Private Equity Fundraising & Credit Markets

Blackstone's latest opportunistic credit fund successfully garnered $10 billion in commitments, demonstrating sustained investor appetite for deploying capital amid current market volatility, aligning with broader trends observed in "Fund Friday" reports. This significant capital injection follows other major credit moves, such as Arcmont's Ares-led $2.5 billion credit vehicle, which its CEO Anthony Fobel described as being in the "absolute sweet spot" of the market, suggesting continued strength in private debt strategies, sometimes even involving collaboration with traditional rivals in the burgeoning credit secondaries space. Concurrently, China’s Ping An Insurance is reportedly exploring a substantial $1 billion portfolio sale via a secondaries process, marking the sixth such attempt by the insurer to manage its holdings.

Sector-Specific Deals: Healthcare & Consumer

Activity remains concentrated in defensive and consumer-facing sectors, with Sterling acquiring Healthcare Linen Services Group from York Private Equity, signaling continued PE interest in essential services infrastructure. This M&A trend is mirrored in the personal care space, where firms like Advent, Round Table, and Gemspring are gaining traction, focusing on brands that effectively build direct consumer relationships. In a related move within healthcare technology, Blackstone and TPG formalized their take-private acquisition of Hologic, the Marlborough, Massachusetts-based medtech developer, underscoring private equity's focus on women's health, an area perceived as underinvested.

Infrastructure & Strategic Stakes

Firms are also securing strategic minority positions in critical infrastructure assets; Blackstone recently acquired a minority stake in Rowan Digital Infrastructure, which is currently backed by Quinbrook, signaling a push into digital backbone assets. Meanwhile, portfolio companies are engaging in bolt-on acquisitions, as seen when Granite Creek-backed Salem One, a direct marketing agency based in Winston, North Carolina, purchased brand development agency Smash Brand. Elsewhere in Europe, EQT divested its stake in a Nordic ferry operator while GTCR finalized its acquisition of Zentiva, which develops and supplies generic and specialty pharmaceuticals.

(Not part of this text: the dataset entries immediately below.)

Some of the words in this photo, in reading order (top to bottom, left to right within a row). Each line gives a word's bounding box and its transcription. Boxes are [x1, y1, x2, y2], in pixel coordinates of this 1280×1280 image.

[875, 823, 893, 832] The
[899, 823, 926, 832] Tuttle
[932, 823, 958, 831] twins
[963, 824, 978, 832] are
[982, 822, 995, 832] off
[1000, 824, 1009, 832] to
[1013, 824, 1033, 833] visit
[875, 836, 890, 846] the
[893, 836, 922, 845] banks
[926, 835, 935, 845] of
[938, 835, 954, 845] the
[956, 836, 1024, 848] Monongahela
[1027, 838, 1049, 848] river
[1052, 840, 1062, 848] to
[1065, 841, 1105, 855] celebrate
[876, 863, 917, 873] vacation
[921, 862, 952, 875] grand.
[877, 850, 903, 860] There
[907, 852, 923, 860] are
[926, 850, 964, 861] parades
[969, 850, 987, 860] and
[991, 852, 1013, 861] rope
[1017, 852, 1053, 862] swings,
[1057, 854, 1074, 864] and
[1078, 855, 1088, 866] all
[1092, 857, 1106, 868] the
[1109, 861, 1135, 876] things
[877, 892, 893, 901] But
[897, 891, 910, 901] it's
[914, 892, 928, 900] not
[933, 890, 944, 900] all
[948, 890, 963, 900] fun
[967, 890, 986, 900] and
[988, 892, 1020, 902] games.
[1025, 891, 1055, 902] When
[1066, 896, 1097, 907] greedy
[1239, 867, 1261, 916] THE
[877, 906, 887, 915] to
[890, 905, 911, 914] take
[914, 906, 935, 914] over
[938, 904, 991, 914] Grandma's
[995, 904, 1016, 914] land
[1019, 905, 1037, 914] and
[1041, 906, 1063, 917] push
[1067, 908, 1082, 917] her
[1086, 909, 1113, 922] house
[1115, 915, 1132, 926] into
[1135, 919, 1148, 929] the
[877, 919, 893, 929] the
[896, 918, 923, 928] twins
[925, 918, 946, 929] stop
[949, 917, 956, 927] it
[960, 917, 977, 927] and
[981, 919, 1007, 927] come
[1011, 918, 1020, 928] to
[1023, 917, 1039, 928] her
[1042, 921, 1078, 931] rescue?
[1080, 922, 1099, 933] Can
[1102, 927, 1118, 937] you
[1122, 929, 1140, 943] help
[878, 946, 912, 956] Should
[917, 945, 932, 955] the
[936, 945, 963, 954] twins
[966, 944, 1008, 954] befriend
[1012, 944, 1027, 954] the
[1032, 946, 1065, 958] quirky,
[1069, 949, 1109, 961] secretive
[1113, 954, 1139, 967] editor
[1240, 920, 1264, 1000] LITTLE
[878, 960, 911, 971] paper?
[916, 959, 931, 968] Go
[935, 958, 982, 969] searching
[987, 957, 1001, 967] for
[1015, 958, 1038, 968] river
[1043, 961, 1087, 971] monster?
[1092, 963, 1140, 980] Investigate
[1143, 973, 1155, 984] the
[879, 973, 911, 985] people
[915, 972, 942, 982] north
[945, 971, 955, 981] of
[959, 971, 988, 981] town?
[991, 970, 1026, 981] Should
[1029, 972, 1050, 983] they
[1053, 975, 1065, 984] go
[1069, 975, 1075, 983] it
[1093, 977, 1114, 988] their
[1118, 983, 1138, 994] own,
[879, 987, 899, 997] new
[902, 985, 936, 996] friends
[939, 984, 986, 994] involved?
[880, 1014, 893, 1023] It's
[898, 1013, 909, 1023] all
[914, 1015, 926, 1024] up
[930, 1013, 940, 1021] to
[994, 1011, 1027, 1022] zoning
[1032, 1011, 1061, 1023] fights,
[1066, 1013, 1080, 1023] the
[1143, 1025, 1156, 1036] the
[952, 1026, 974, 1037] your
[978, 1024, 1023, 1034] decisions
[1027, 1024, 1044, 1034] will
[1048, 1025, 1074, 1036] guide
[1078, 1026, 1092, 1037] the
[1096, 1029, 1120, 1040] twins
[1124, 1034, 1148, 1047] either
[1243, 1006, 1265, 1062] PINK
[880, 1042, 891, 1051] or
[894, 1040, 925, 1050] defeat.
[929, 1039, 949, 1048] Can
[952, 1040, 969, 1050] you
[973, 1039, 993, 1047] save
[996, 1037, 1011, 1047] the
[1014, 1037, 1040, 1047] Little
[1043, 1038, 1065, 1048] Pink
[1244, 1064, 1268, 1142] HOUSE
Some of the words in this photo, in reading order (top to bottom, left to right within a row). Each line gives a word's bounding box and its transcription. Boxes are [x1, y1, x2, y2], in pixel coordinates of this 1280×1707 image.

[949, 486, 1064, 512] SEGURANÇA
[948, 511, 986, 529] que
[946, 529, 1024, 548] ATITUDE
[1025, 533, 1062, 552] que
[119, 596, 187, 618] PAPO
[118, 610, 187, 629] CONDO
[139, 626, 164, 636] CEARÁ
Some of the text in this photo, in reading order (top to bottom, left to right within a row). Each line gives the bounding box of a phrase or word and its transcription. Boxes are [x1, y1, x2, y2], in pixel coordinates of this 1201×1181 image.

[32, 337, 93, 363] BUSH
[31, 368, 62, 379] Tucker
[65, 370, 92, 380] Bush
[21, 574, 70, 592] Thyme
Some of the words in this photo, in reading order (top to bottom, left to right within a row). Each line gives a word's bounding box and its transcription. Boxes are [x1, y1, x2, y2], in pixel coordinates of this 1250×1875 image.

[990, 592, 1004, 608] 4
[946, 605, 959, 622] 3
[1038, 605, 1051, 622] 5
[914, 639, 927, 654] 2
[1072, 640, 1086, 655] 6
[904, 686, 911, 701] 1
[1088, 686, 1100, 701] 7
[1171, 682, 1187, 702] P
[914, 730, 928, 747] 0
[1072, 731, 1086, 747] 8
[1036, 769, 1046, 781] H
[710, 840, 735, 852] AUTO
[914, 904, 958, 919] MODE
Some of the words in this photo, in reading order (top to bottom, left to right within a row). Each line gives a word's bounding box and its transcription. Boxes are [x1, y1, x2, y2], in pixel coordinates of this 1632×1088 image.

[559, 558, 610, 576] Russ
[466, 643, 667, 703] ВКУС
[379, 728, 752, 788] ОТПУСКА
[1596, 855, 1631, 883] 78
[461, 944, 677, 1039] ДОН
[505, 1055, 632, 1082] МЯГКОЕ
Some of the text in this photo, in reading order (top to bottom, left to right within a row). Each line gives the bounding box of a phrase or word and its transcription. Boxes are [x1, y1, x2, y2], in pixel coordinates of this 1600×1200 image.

Venture Capital & Technology Funding

Global venture funding dynamics show a shift toward fewer, larger deals, particularly within the financial technology sector, where global fintech startups raised $12 billion across only 751 deals by April 6, 2026, representing a 5% dollar increase despite the reduced deal volume compared to previous periods. Technology funding remains active outside of fintech, exemplified by SiFive leading the week’s funding rounds with a $400 million infusion dedicated to advancing custom chip designs, alongside sizable capital raises in aerospace and biotech. European venture activity has also seen a notable uptick, marked by the highest number of $1 billion-plus startups created in four years and the emergence of several first-time VC funds in 2026.